:: Exercise objective ::
The records that follow are to be printed exactly, with no images.

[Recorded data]
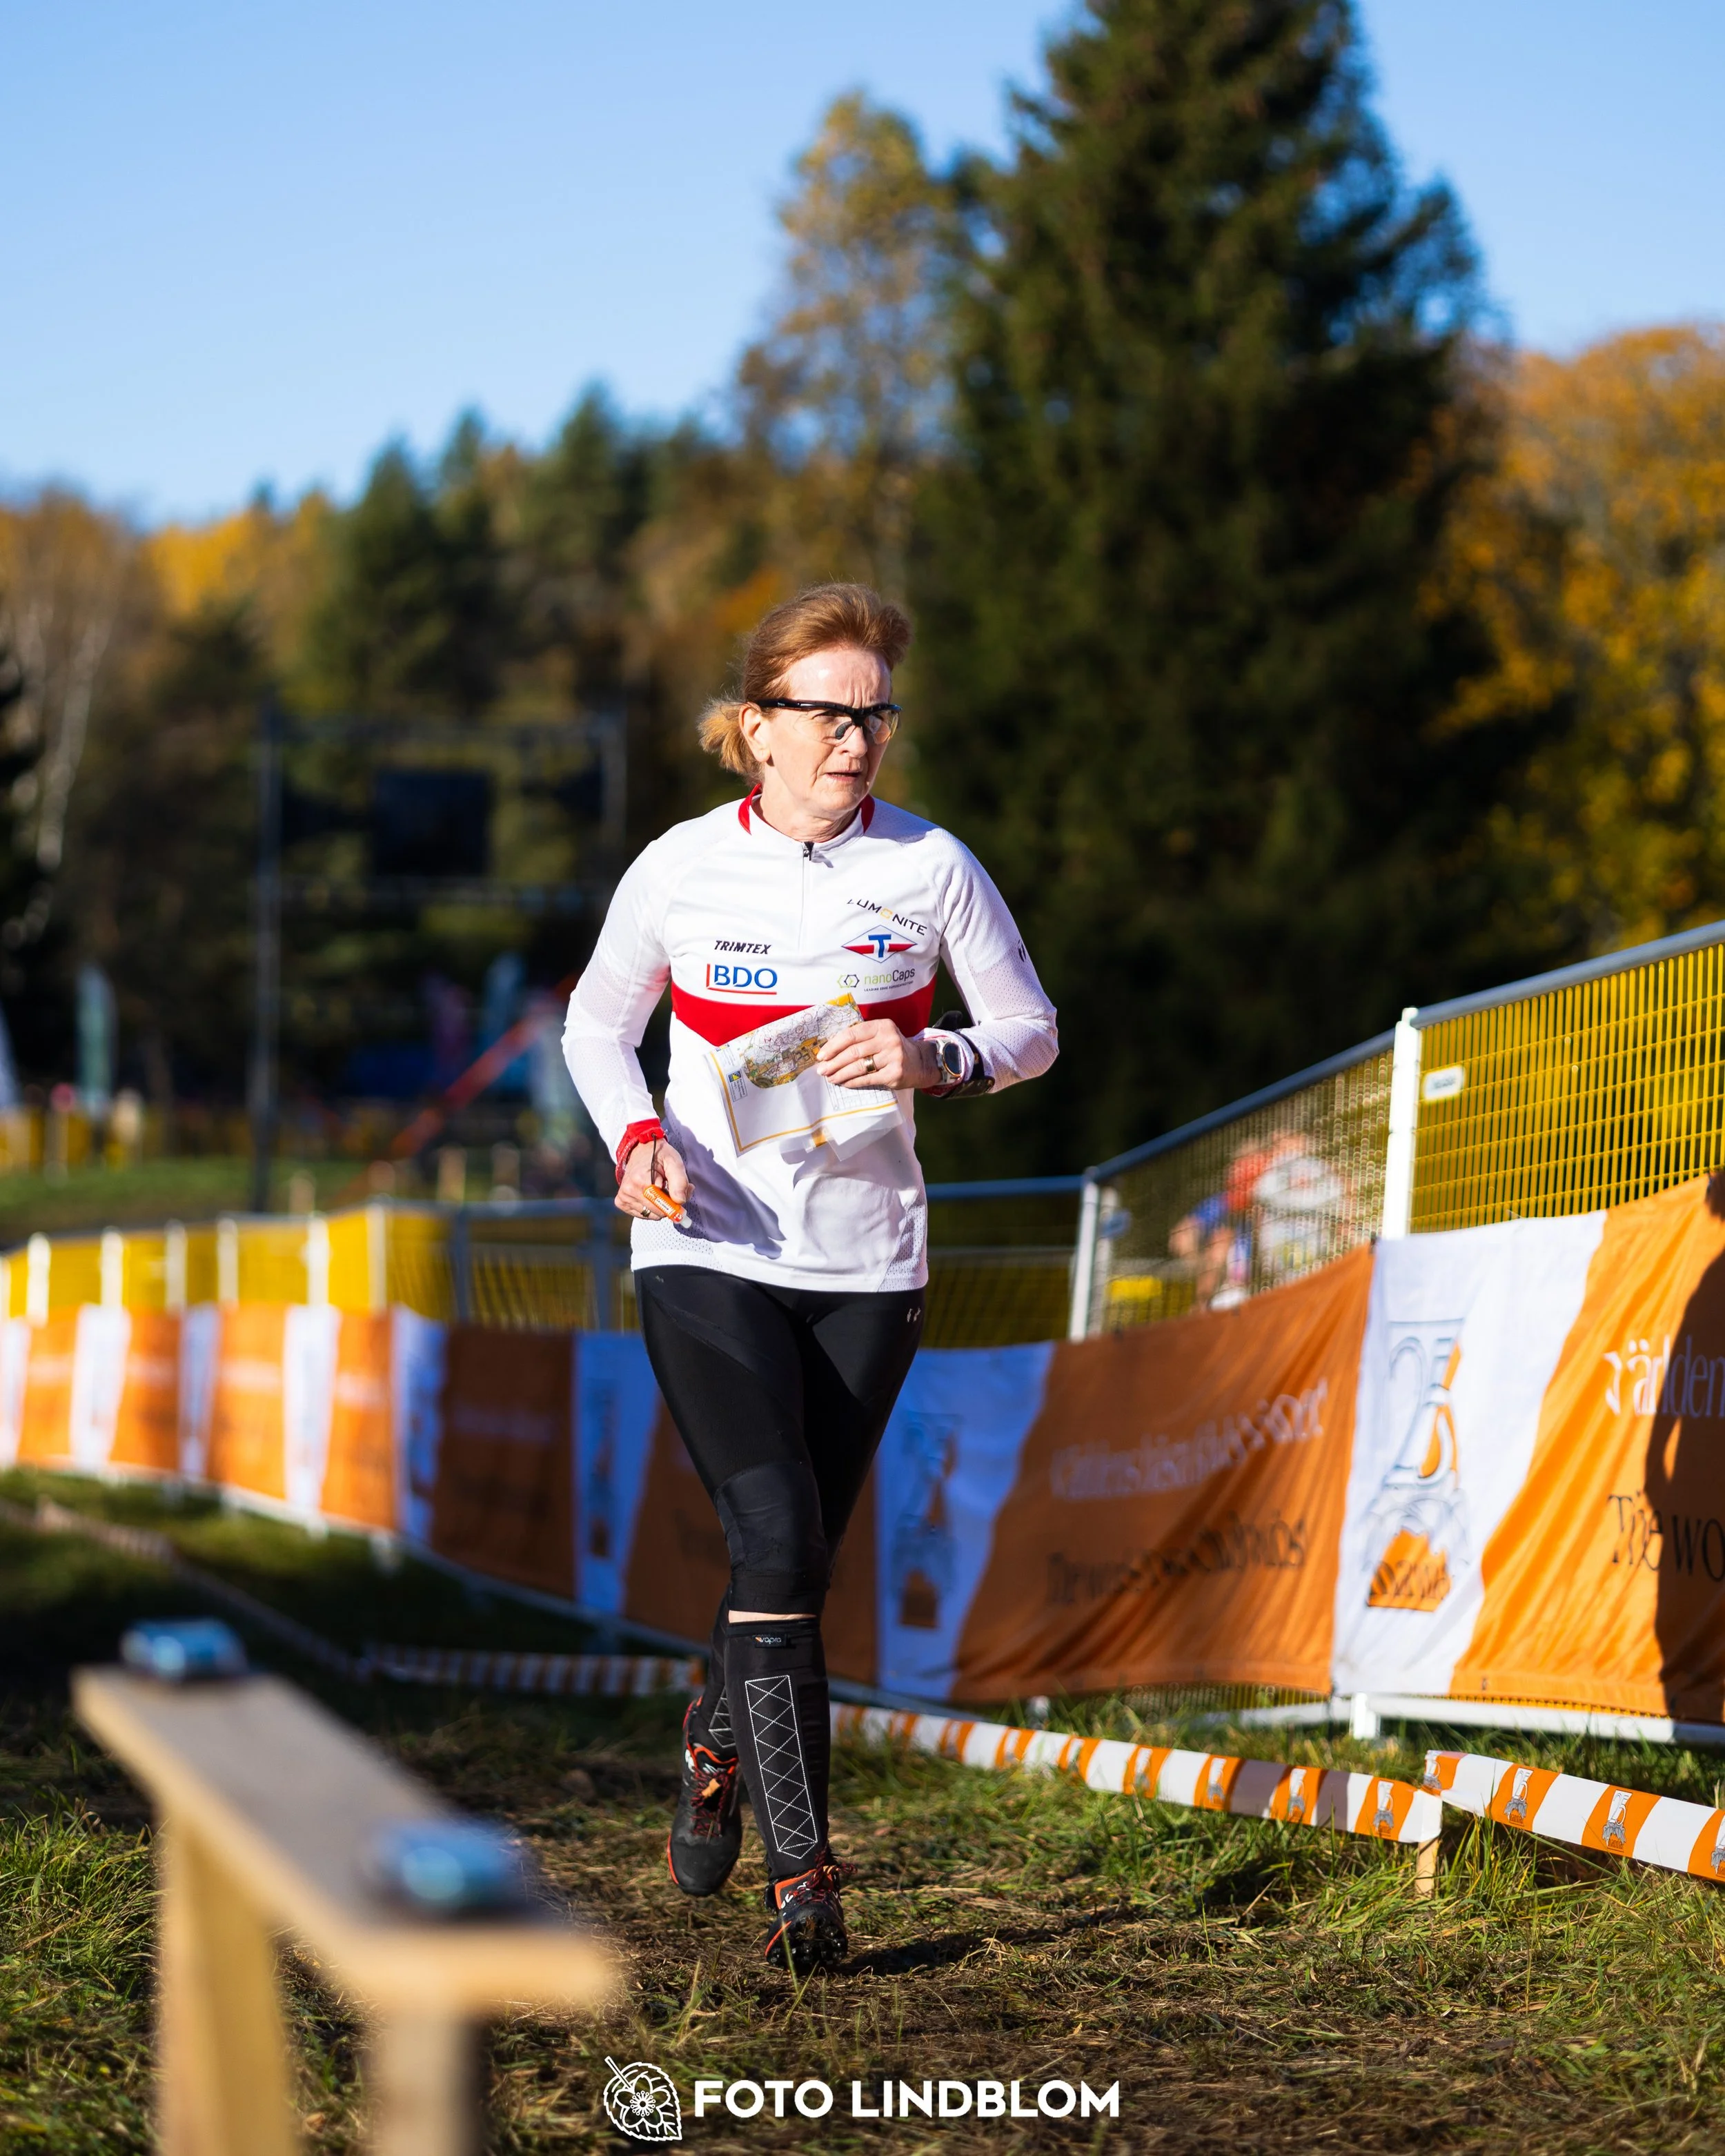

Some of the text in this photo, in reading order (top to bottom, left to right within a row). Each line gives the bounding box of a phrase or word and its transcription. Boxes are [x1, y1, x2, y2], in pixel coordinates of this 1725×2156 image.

[714, 940, 771, 954] TRIMTEX
[714, 965, 778, 989] BDO
[864, 968, 915, 985] nanoCaps
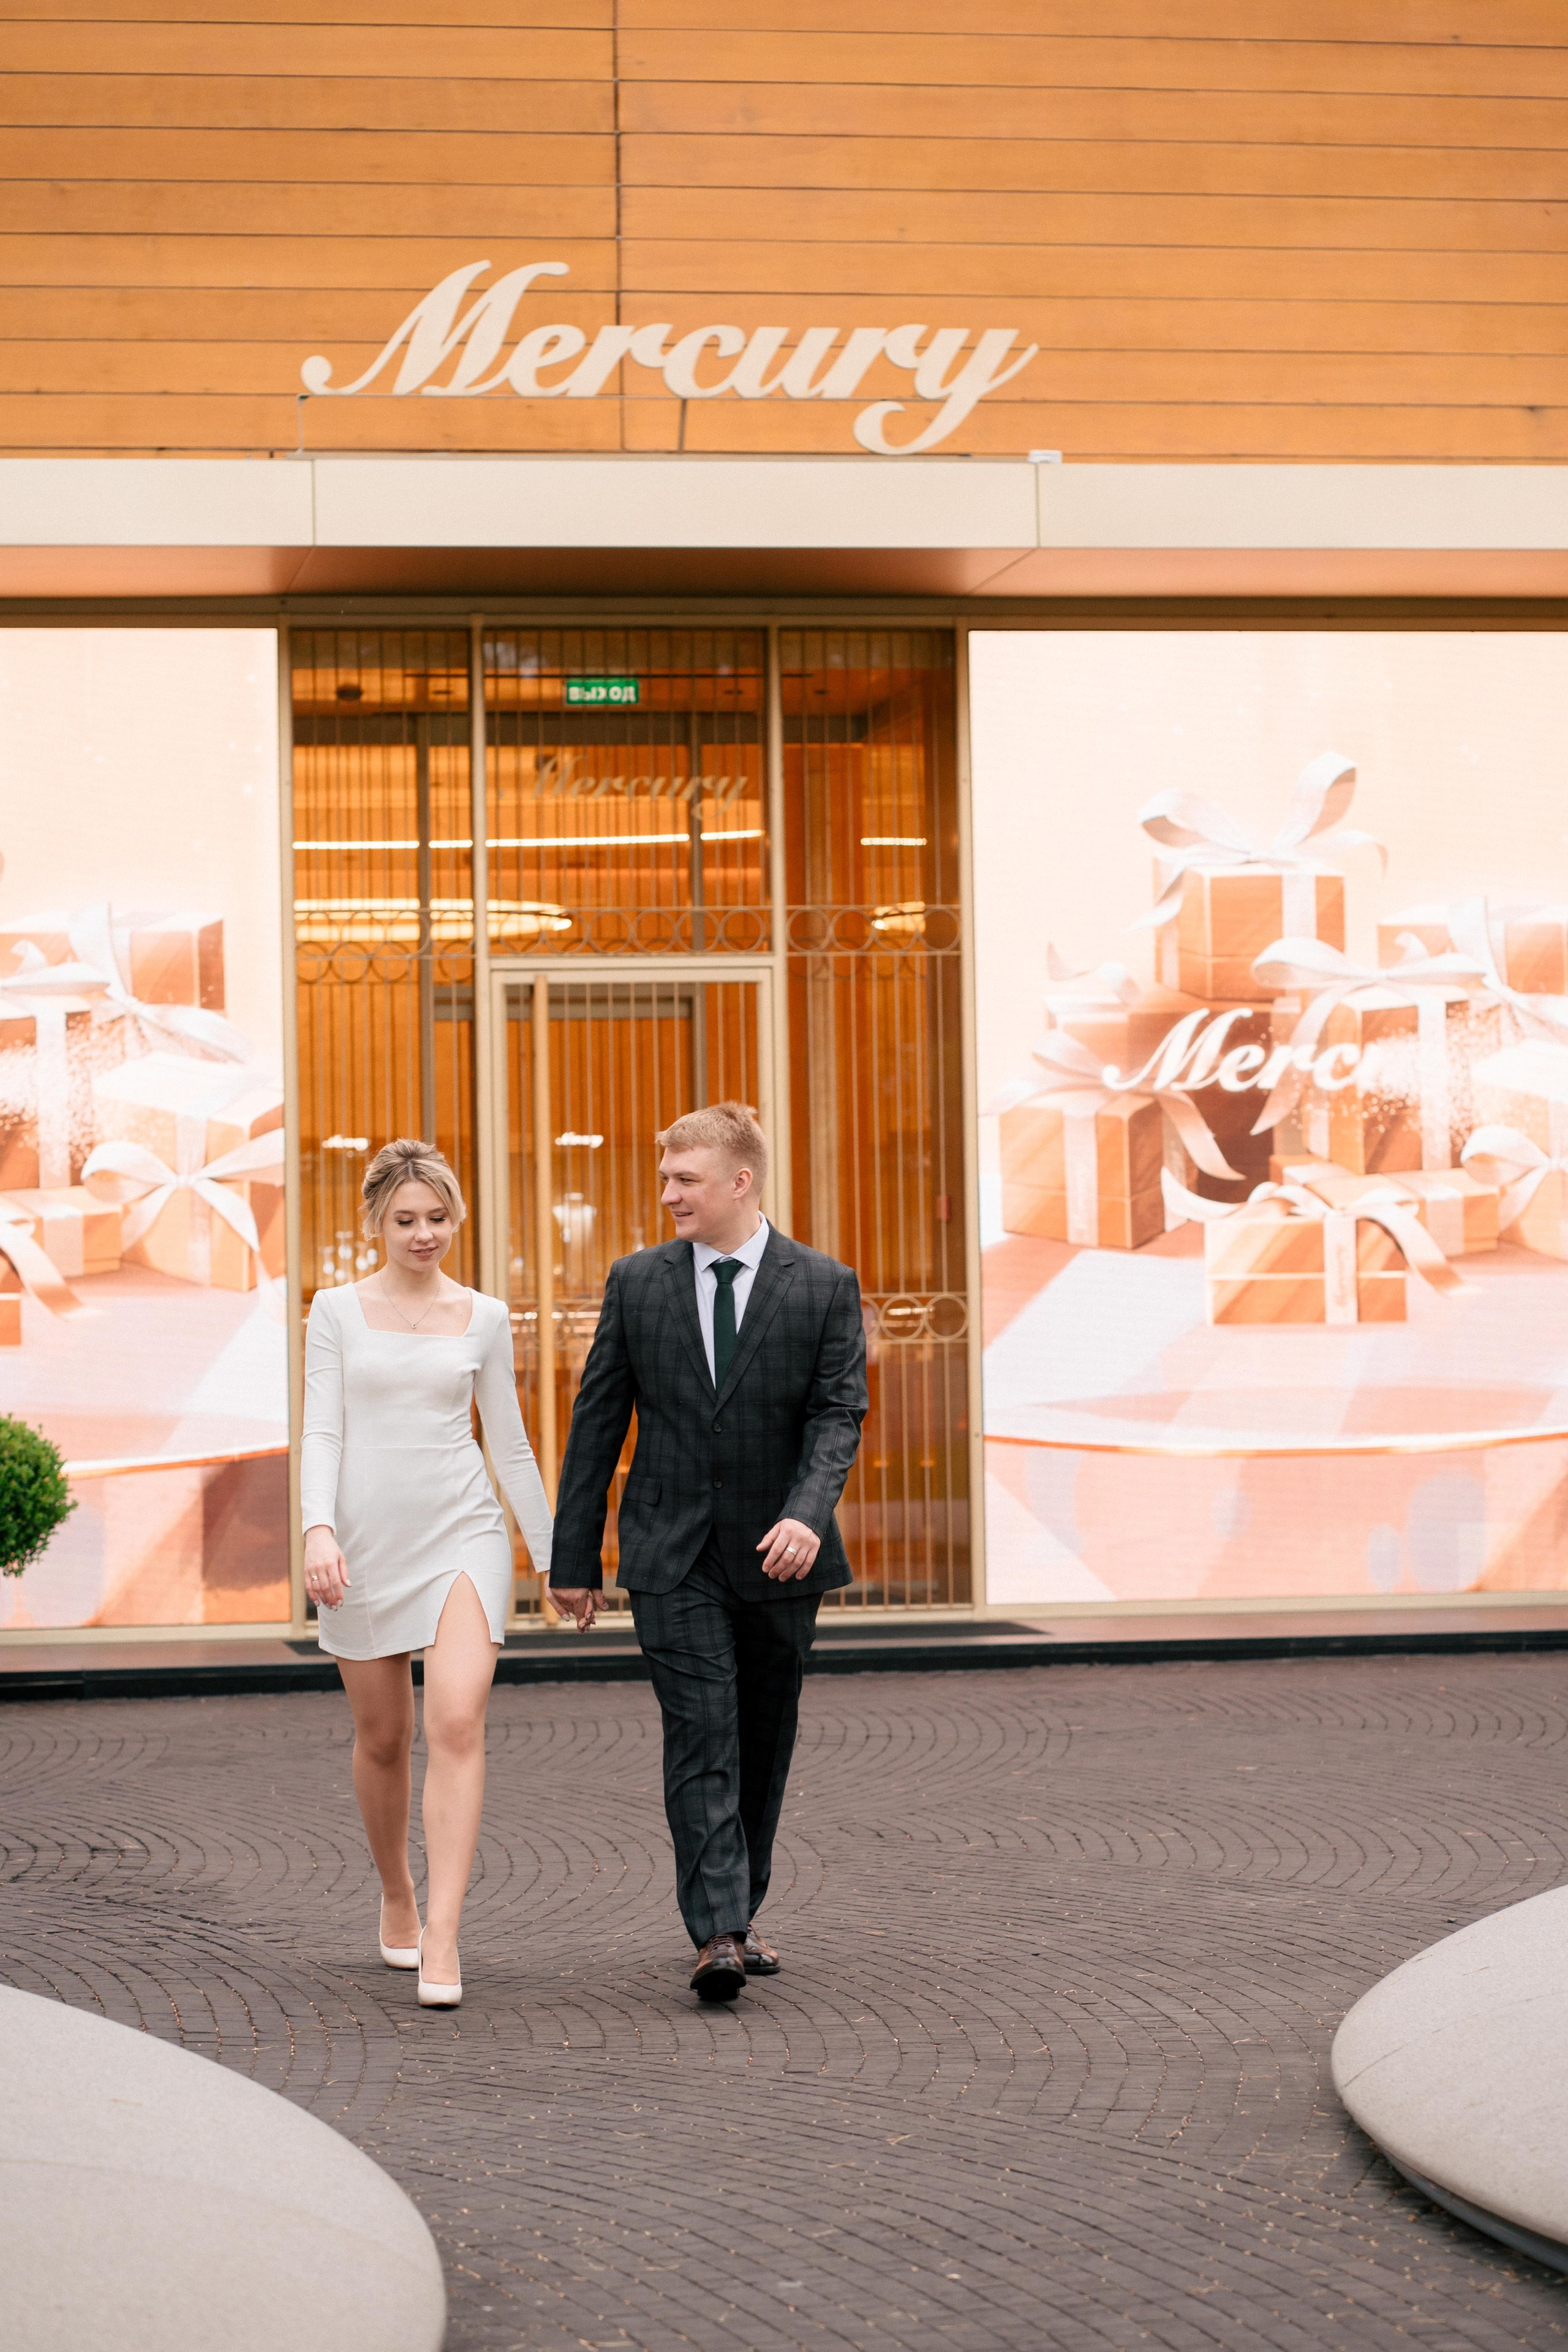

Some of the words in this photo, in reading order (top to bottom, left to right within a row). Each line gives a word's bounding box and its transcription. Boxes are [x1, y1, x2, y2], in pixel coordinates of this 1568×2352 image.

:: Answer for this exercise ::
Some of the text in this photo, in reading order (top to bottom, left to right within a row). Each line gives the bounding box of a phrase or word and its transcription. Boxes are [x1, y1, x2, y2], in pixel coordinates of this 1725×2156 image.

[714, 940, 771, 954] TRIMTEX
[714, 965, 778, 989] BDO
[864, 968, 915, 985] nanoCaps

Some of the words in this photo, in reading order (top to bottom, left to right within a row). Each line gives a word's bounding box and its transcription. Boxes are [x1, y1, x2, y2], in pixel coordinates of this 1568×2352 image.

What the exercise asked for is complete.